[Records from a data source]
----------

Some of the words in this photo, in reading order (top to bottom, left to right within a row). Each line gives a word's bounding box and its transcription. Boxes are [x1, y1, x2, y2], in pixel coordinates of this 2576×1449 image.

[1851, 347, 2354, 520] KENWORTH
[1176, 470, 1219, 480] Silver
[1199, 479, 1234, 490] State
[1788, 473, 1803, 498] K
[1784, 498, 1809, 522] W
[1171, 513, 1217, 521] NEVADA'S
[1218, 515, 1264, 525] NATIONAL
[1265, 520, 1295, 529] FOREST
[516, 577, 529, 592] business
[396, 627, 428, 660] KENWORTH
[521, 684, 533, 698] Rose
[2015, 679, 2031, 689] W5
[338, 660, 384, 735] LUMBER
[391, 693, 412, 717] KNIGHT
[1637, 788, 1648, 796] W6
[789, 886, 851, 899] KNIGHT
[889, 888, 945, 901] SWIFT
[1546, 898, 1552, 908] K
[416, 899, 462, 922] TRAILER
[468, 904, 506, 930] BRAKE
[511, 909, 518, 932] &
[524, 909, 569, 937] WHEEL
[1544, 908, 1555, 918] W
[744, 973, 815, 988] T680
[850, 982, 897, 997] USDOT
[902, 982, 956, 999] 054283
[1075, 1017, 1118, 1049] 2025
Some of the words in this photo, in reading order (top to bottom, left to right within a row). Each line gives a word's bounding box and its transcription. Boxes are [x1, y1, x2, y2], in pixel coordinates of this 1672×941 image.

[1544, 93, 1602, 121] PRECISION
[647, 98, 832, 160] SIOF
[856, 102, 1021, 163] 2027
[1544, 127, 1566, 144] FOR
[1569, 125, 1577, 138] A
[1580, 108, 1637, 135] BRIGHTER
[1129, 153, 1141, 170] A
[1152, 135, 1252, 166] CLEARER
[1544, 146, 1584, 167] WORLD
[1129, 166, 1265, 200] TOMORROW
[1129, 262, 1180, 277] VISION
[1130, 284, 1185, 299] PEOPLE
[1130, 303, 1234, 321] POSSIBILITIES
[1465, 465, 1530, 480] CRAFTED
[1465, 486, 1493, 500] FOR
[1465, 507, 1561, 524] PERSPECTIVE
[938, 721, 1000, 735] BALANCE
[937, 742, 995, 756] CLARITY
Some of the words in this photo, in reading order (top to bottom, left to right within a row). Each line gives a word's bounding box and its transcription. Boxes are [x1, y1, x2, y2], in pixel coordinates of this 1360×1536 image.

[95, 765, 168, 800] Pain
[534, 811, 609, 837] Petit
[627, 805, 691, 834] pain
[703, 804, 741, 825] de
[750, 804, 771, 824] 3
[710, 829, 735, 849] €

----------

* WHAT YOU NEED TO DO
The records above must be set down again exactly as written.

* SOLUTION
Some of the words in this photo, in reading order (top to bottom, left to right within a row). Each line gives a word's bounding box and its transcription. Boxes are [x1, y1, x2, y2], in pixel coordinates of this 2576×1449 image.

[1851, 347, 2354, 520] KENWORTH
[1176, 470, 1219, 480] Silver
[1199, 479, 1234, 490] State
[1788, 473, 1803, 498] K
[1784, 498, 1809, 522] W
[1171, 513, 1217, 521] NEVADA'S
[1218, 515, 1264, 525] NATIONAL
[1265, 520, 1295, 529] FOREST
[516, 577, 529, 592] business
[396, 627, 428, 660] KENWORTH
[521, 684, 533, 698] Rose
[2015, 679, 2031, 689] W5
[338, 660, 384, 735] LUMBER
[391, 693, 412, 717] KNIGHT
[1637, 788, 1648, 796] W6
[789, 886, 851, 899] KNIGHT
[889, 888, 945, 901] SWIFT
[1546, 898, 1552, 908] K
[416, 899, 462, 922] TRAILER
[468, 904, 506, 930] BRAKE
[511, 909, 518, 932] &
[524, 909, 569, 937] WHEEL
[1544, 908, 1555, 918] W
[744, 973, 815, 988] T680
[850, 982, 897, 997] USDOT
[902, 982, 956, 999] 054283
[1075, 1017, 1118, 1049] 2025
Some of the words in this photo, in reading order (top to bottom, left to right within a row). Each line gives a word's bounding box and its transcription. Boxes are [x1, y1, x2, y2], in pixel coordinates of this 1672×941 image.

[1544, 93, 1602, 121] PRECISION
[647, 98, 832, 160] SIOF
[856, 102, 1021, 163] 2027
[1544, 127, 1566, 144] FOR
[1569, 125, 1577, 138] A
[1580, 108, 1637, 135] BRIGHTER
[1129, 153, 1141, 170] A
[1152, 135, 1252, 166] CLEARER
[1544, 146, 1584, 167] WORLD
[1129, 166, 1265, 200] TOMORROW
[1129, 262, 1180, 277] VISION
[1130, 284, 1185, 299] PEOPLE
[1130, 303, 1234, 321] POSSIBILITIES
[1465, 465, 1530, 480] CRAFTED
[1465, 486, 1493, 500] FOR
[1465, 507, 1561, 524] PERSPECTIVE
[938, 721, 1000, 735] BALANCE
[937, 742, 995, 756] CLARITY
Some of the words in this photo, in reading order (top to bottom, left to right within a row). Each line gives a word's bounding box and its transcription. Boxes are [x1, y1, x2, y2], in pixel coordinates of this 1360×1536 image.

[95, 765, 168, 800] Pain
[534, 811, 609, 837] Petit
[627, 805, 691, 834] pain
[703, 804, 741, 825] de
[750, 804, 771, 824] 3
[710, 829, 735, 849] €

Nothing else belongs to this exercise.